Problem statement: Please print all of the records that follow with nothing altered.

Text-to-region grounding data
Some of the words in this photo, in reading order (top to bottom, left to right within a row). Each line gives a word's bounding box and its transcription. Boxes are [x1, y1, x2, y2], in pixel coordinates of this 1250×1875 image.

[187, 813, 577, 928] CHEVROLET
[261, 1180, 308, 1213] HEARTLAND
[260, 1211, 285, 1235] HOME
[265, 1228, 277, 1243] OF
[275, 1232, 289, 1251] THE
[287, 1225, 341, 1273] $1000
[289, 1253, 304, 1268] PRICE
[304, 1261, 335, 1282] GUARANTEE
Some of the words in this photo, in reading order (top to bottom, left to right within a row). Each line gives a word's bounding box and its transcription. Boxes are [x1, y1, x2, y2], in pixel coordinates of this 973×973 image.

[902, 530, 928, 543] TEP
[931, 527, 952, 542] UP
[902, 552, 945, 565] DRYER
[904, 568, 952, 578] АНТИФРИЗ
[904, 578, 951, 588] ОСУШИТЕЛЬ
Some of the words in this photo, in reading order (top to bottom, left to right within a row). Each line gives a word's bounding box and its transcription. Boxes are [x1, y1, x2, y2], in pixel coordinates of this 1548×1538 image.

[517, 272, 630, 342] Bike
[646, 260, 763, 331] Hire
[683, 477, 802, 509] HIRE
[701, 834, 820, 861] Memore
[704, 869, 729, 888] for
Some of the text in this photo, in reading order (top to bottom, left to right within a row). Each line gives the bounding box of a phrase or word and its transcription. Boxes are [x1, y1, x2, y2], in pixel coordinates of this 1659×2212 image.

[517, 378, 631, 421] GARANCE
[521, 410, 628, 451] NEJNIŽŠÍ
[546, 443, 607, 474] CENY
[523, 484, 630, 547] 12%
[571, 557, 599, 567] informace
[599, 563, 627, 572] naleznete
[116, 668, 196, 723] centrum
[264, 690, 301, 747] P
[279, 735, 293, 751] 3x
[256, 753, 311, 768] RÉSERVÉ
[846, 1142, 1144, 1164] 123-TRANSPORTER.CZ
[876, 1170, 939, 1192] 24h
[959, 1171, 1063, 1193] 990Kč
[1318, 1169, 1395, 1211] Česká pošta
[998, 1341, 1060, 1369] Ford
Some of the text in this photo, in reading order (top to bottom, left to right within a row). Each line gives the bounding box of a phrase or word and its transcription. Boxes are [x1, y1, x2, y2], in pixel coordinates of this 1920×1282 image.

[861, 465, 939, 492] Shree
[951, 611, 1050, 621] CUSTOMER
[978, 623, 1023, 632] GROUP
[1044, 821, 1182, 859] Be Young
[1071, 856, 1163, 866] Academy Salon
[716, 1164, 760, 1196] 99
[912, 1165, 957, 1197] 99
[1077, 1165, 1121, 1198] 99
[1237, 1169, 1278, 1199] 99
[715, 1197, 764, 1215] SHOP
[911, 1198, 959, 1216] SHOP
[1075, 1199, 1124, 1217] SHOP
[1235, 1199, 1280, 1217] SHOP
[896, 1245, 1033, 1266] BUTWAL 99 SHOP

Response for this exercise:
Some of the words in this photo, in reading order (top to bottom, left to right within a row). Each line gives a word's bounding box and its transcription. Boxes are [x1, y1, x2, y2], in pixel coordinates of this 1250×1875 image.

[187, 813, 577, 928] CHEVROLET
[261, 1180, 308, 1213] HEARTLAND
[260, 1211, 285, 1235] HOME
[265, 1228, 277, 1243] OF
[275, 1232, 289, 1251] THE
[287, 1225, 341, 1273] $1000
[289, 1253, 304, 1268] PRICE
[304, 1261, 335, 1282] GUARANTEE
Some of the words in this photo, in reading order (top to bottom, left to right within a row). Each line gives a word's bounding box and its transcription. Boxes are [x1, y1, x2, y2], in pixel coordinates of this 973×973 image.

[902, 530, 928, 543] TEP
[931, 527, 952, 542] UP
[902, 552, 945, 565] DRYER
[904, 568, 952, 578] АНТИФРИЗ
[904, 578, 951, 588] ОСУШИТЕЛЬ
Some of the words in this photo, in reading order (top to bottom, left to right within a row). Each line gives a word's bounding box and its transcription. Boxes are [x1, y1, x2, y2], in pixel coordinates of this 1548×1538 image.

[517, 272, 630, 342] Bike
[646, 260, 763, 331] Hire
[683, 477, 802, 509] HIRE
[701, 834, 820, 861] Memore
[704, 869, 729, 888] for
Some of the text in this photo, in reading order (top to bottom, left to right within a row). Each line gives the bounding box of a phrase or word and its transcription. Boxes are [x1, y1, x2, y2], in pixel coordinates of this 1659×2212 image.

[517, 378, 631, 421] GARANCE
[521, 410, 628, 451] NEJNIŽŠÍ
[546, 443, 607, 474] CENY
[523, 484, 630, 547] 12%
[571, 557, 599, 567] informace
[599, 563, 627, 572] naleznete
[116, 668, 196, 723] centrum
[264, 690, 301, 747] P
[279, 735, 293, 751] 3x
[256, 753, 311, 768] RÉSERVÉ
[846, 1142, 1144, 1164] 123-TRANSPORTER.CZ
[876, 1170, 939, 1192] 24h
[959, 1171, 1063, 1193] 990Kč
[1318, 1169, 1395, 1211] Česká pošta
[998, 1341, 1060, 1369] Ford
Some of the text in this photo, in reading order (top to bottom, left to right within a row). Each line gives the bounding box of a phrase or word and its transcription. Boxes are [x1, y1, x2, y2], in pixel coordinates of this 1920×1282 image.

[861, 465, 939, 492] Shree
[951, 611, 1050, 621] CUSTOMER
[978, 623, 1023, 632] GROUP
[1044, 821, 1182, 859] Be Young
[1071, 856, 1163, 866] Academy Salon
[716, 1164, 760, 1196] 99
[912, 1165, 957, 1197] 99
[1077, 1165, 1121, 1198] 99
[1237, 1169, 1278, 1199] 99
[715, 1197, 764, 1215] SHOP
[911, 1198, 959, 1216] SHOP
[1075, 1199, 1124, 1217] SHOP
[1235, 1199, 1280, 1217] SHOP
[896, 1245, 1033, 1266] BUTWAL 99 SHOP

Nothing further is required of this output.